((

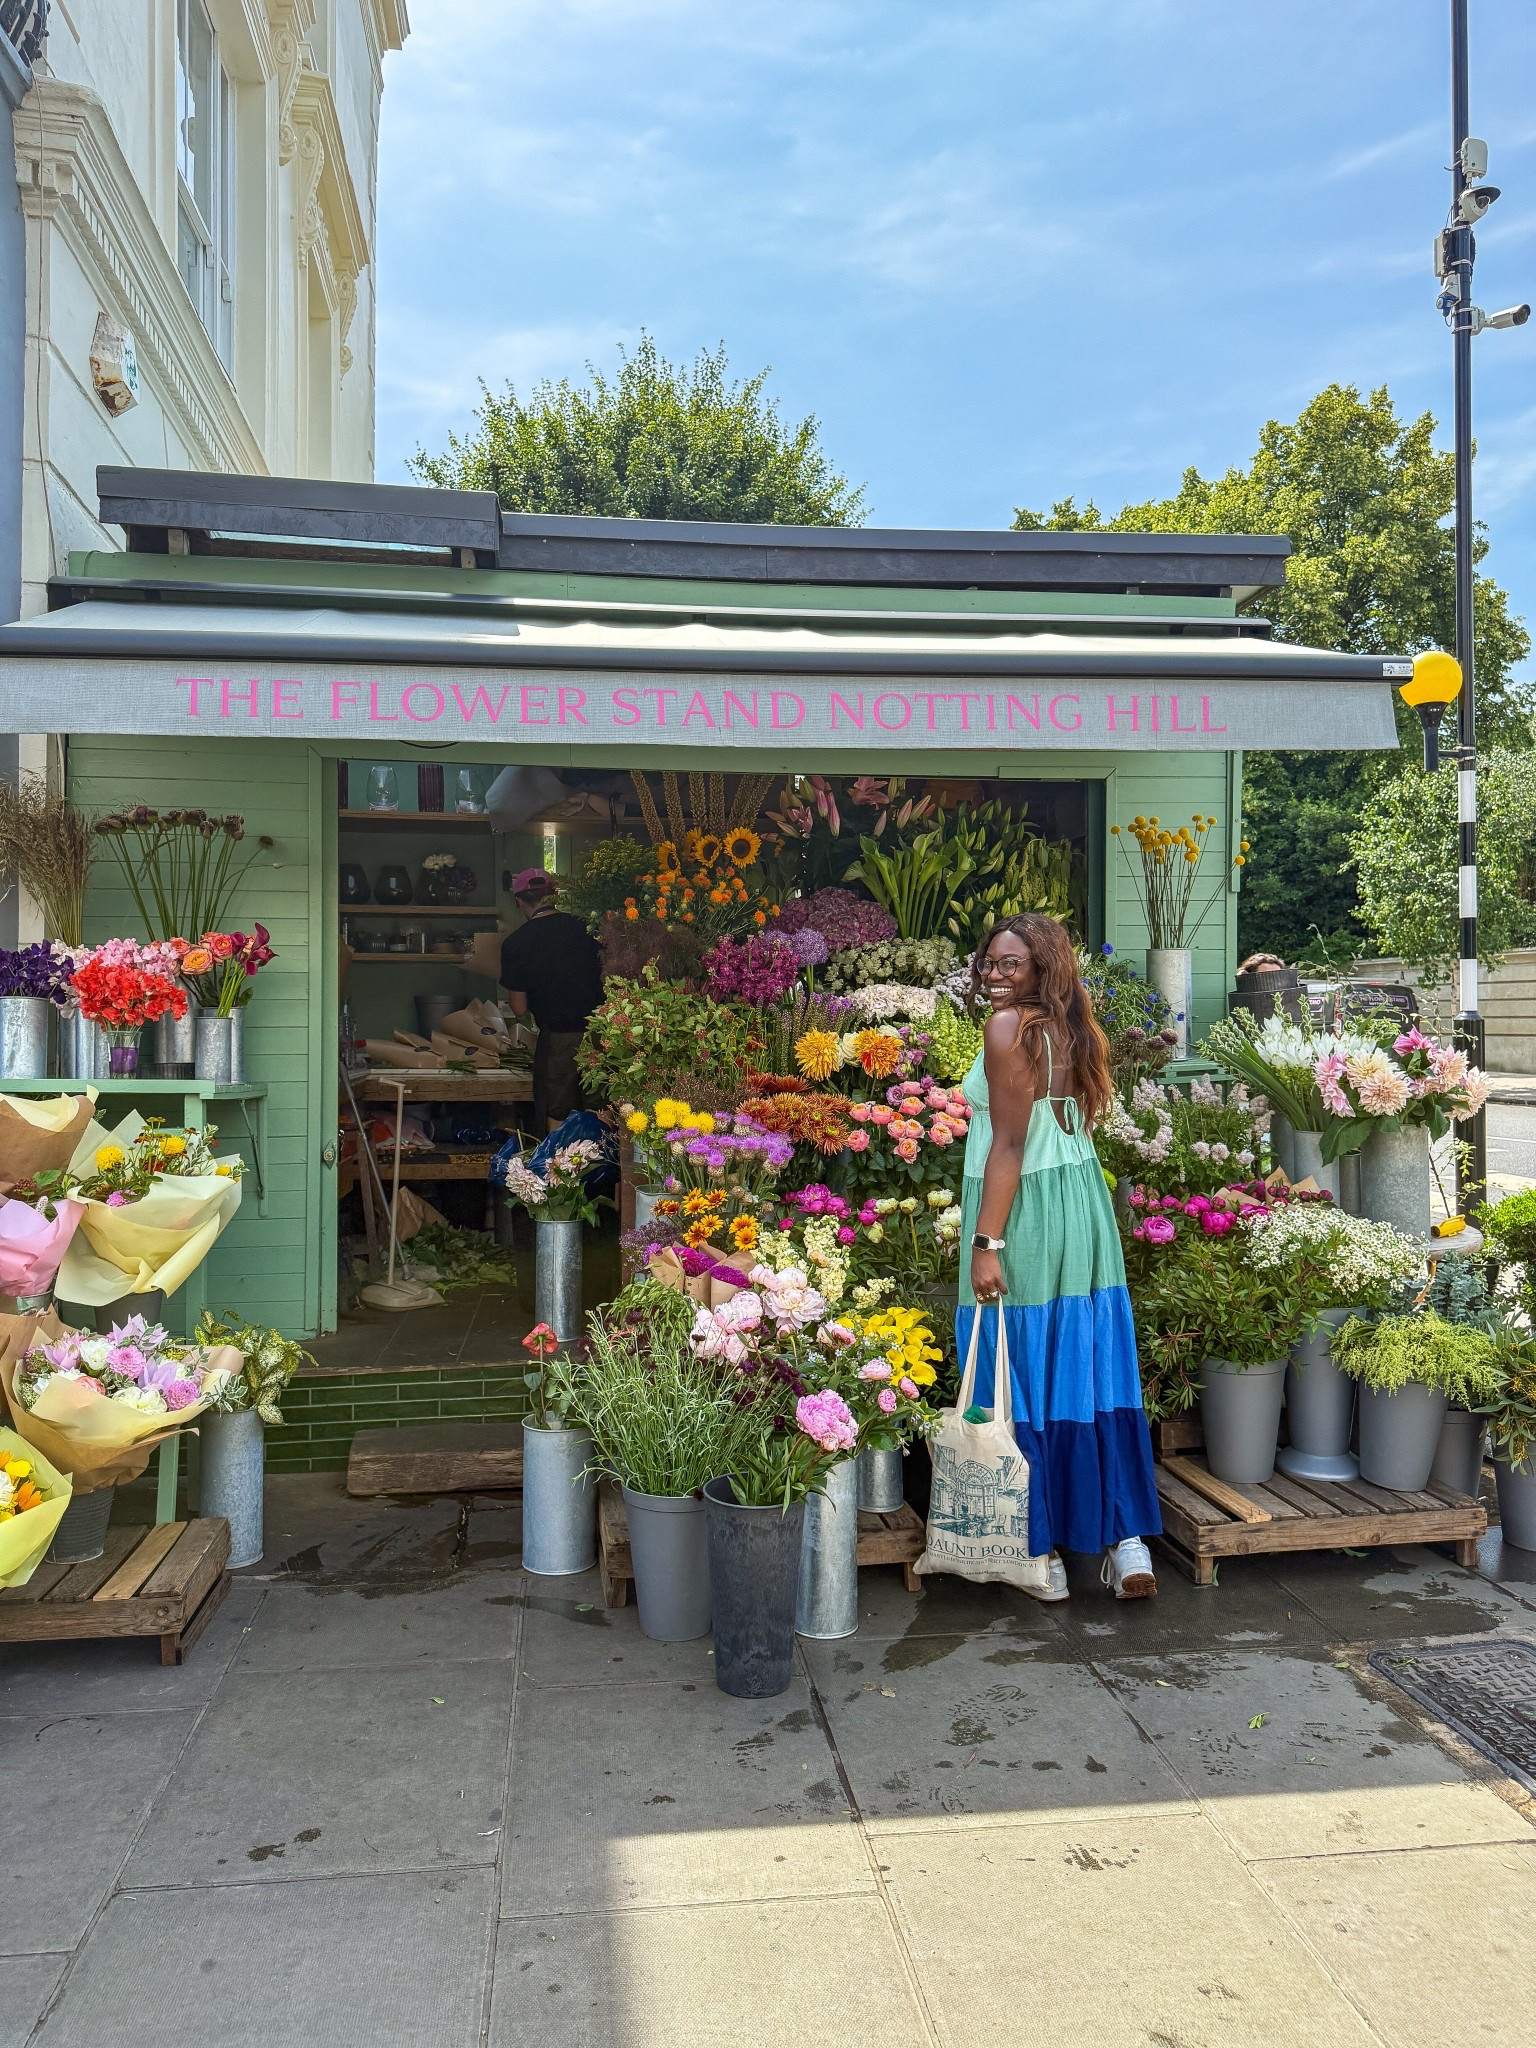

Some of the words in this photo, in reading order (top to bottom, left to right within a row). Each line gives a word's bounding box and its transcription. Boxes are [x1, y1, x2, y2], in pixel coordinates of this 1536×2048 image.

[176, 678, 304, 720] THE
[330, 681, 589, 725] FLOWER
[611, 687, 806, 729] STAND
[829, 692, 1084, 731] NOTTING
[1105, 694, 1229, 732] HILL
[928, 1534, 977, 1557] DAUNT
[981, 1543, 1036, 1559] BOOK
[1002, 1559, 1028, 1568] LONDON

))

Pictures are to be dropped; every line of the records is to be returned unchanged.

Some of the words in this photo, in reading order (top to bottom, left to right within a row). Each line gives a word's bounding box and its transcription. Boxes are [x1, y1, x2, y2], in pixel coordinates of this 1536×2048 image.

[176, 678, 304, 720] THE
[330, 681, 589, 725] FLOWER
[611, 687, 806, 729] STAND
[829, 692, 1084, 731] NOTTING
[1105, 694, 1229, 732] HILL
[928, 1534, 977, 1557] DAUNT
[981, 1543, 1036, 1559] BOOK
[1002, 1559, 1028, 1568] LONDON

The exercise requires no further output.